In 2021, the Bank of England is slated to become the first regulator to require climate change stress tests from financial firms. It is a member of the Network for Greening the Financial System (NGFS), a group of 66 central banks around the world that was convened in 2017 with the goal of pushing financial institutions toward the demands of the Paris climate agreement

Meanwhile, the European Banking Authority issued guidelines earlier this month urging sustainable lending practices to make the world economy more resilient to climate change (Climatewire, June 1).

In the U.S., Federal Reserve Chair Jerome Powell has said that the central bank is in only the "early stages" of assessing climate’s effect on the financial sector, though he has suggested that the Fed could join NGFS (E&E Daily, Feb. 12).

Still, the CFTC report could offer an early sign of consensus in the regulatory community, said Bob Litterman, chairman of the Climate-Related Market Risk Subcommittee and a founding partner of Kepos Capital.

Litterman pointed to PG&E Corp.’s bankruptcy filing last year and the precipitous drop in oil prices during the COVID-19 pandemic as tangible signs of things to come.

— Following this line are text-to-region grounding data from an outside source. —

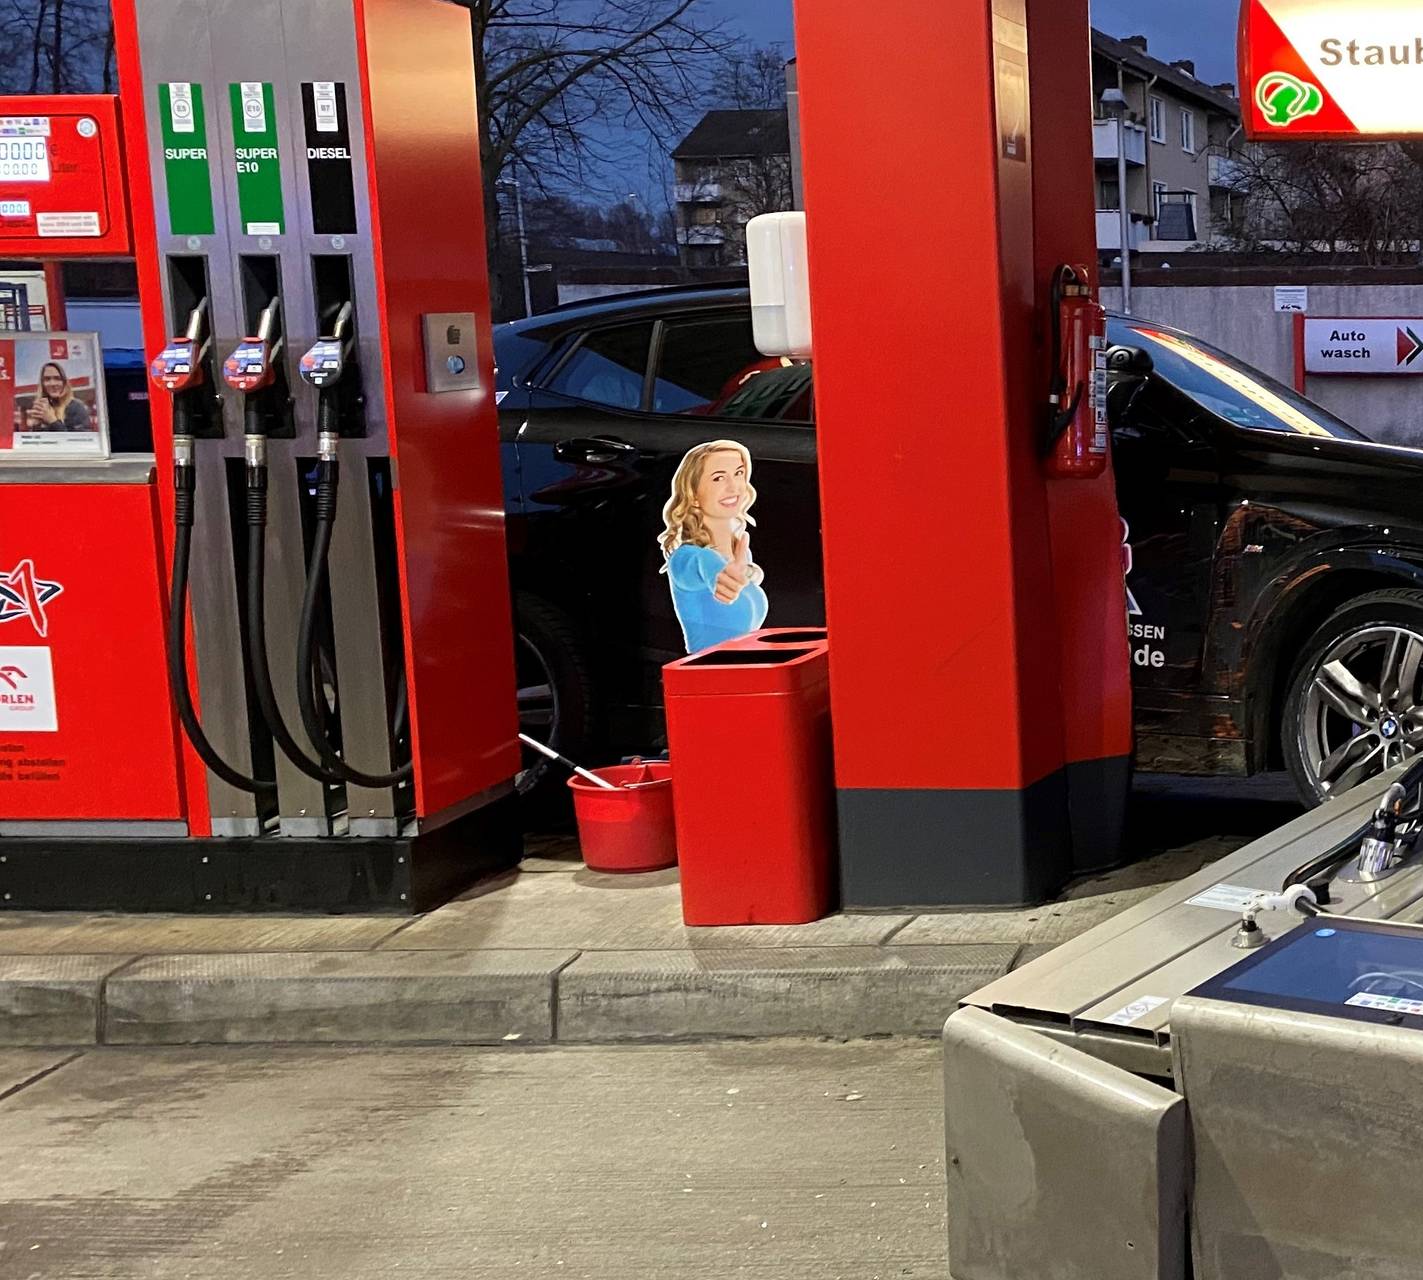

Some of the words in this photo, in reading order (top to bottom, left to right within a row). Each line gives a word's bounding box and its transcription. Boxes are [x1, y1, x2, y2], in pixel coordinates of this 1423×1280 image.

[247, 104, 260, 112] E10
[165, 148, 207, 160] SUPER
[235, 147, 278, 160] SUPER
[307, 147, 351, 159] DIESEL
[237, 162, 259, 173] E10
[1329, 330, 1366, 342] Auto
[1320, 347, 1371, 358] wasch
[1134, 644, 1165, 667] de
[0, 694, 34, 704] RLEN

"It’s not just weather-related," Litterman said. "There could be impacts on disease, human health, national security, etc., so these are all well-documented risks in the future that are just starting to manifest themselves today."

There’s also potential damage to U.S. global competitiveness if regulators continue to lag behind Europe and the rest of the world, Raskin said.

"It could very well make our system less competitive because what we are lagging on is the promotion of a competitive sector, where competition incentivizes new technology, new entrants, new firms that are doing new things to tackle climate change," Raskin said.

For those reasons, the effort at the CFTC has drawn interest from lawmakers and a wide range of experts from the industry, academic and advocacy worlds.

Several lawmakers have offered comments on the report, including Whitehouse, Schatz, Casten and at least one Republican — Florida Sen. Marco Rubio.

When the CFTC put out a call for members of the subcommittee last year, Behnam said, they got roughly 90 applicants.

"It far exceeds what you typically get for an advisory committee, and it was across the board," he said.

The panel they ultimately put together includes representatives from Big Oil, finance and environmental groups.

"Everyone agrees that we need to create incentives to reduce emissions," Litterman said.

Congressional movement

Schatz, Whitehouse and Casten all said the CFTC report is an encouraging sign of things to come, but the next steps are somewhat open-ended.

The report itself — due out as soon as next month — will likely help clarify how to model climate risk for various sectors of the economy, as well as policies and best practices for risk management, Litterman said.

"We have to better define what is material risk as it pertains to climate," he said. "There’s plenty of authorization for reporting material risk, but there’s not nearly enough standardization and understanding of what that means."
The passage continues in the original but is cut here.